Exemple type du génie du compositeur (certes, les exemples abondent lorsqu’on se souvient que Salomon fut écrit en vingt jours, Theodora en dix-neuf, Saül en trois semaines !), Le Messie fut composé entre la fin du mois d’août 1741 et la mi-septembre, soit moins d’un mois, sur un livret du célèbre Charles Jennens (1700-1770). La création triomphale de l’œuvre devait consacrer un succès qui ne s’est jamais démenti depuis à tel point que certains n’hésitent pas à résumer Händel à ce seul oratorio. Pour une fois, le livret ne suit pas scrupuleusement un épisode ou un personnage de l’Ancien Testament ; au contraire, il emprunte à divers passages de la Bible, contribuant peut-être à lui conférer la qualification de divertissement, pour reprendre l’expression même de Jennens. Face à la popularité croissante de l’œuvre, les interprétations se sont multipliées au fil du temps, requérant parfois des effectifs pléthoriques (les illustrations sont légion en la matière) alors que, selon les témoignages rapportés lors de la création dublinoise, l’orchestre ne devait pas dépasser les quarante musiciens, les chœurs rassemblant huit chanteurs par partie, soit trente-deux en tout. Tels sont, peu ou prou, les effectifs également adoptés par Spinosi ce soir : quarante-huit choristes et une trentaine de musiciens.
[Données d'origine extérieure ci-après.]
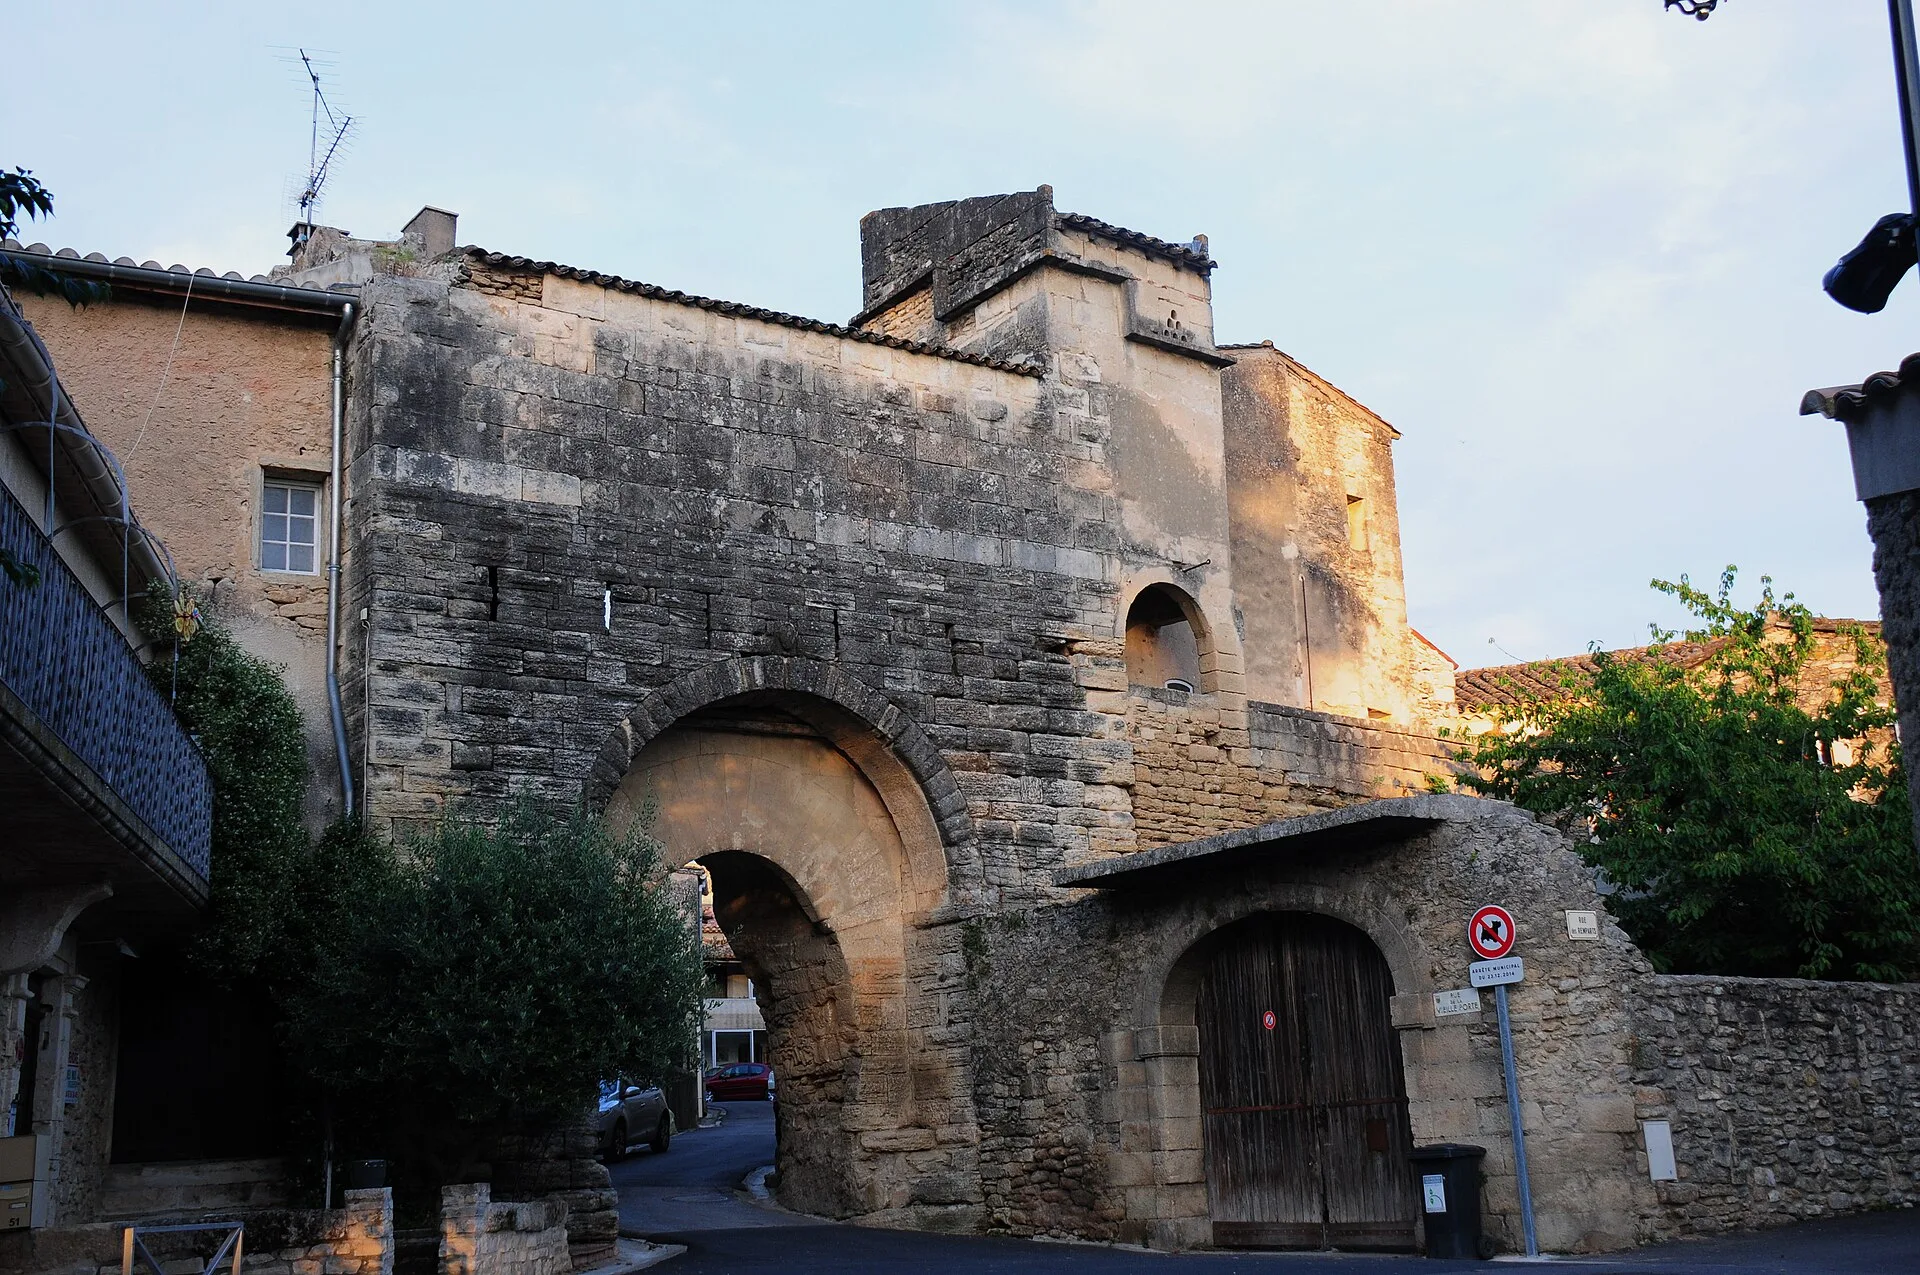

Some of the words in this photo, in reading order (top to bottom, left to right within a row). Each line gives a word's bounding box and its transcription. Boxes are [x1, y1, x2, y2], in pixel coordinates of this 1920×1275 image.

Le grand triomphateur de la soirée fut indéniablement l’Arnold Schoenberg Chor, magnifiquement préparé par Erwin Ortner. Depuis longtemps, on sait qu’il ne s’agit rien moins que de l’un des meilleurs chœurs du monde actuellement en activité, ô combien rompu à ce répertoire qu’il a enregistré sous la direction des plus grands (ainsi du Messie, sous la houlette de Nikolaus Harnoncourt dans un disque paru chez Deutsche Harmonia Mundi en 2005). Ce soir, il a encore prouvé son excellence par la clarté de sa diction (« And the glory of the Lord » au début de la première partie), par l’implication qu’il met à chanter la moindre note (quelle différence d’accentuation et de climats dans le magnifique « Lift up your heads » dans la deuxième partie) et par l’attention portée aux nuances d’une partition qui, une fois de plus, requiert des chœurs de tout premier ordre (à ce titre, le passage « All we like sheep have gone astray » fut absolument renversant).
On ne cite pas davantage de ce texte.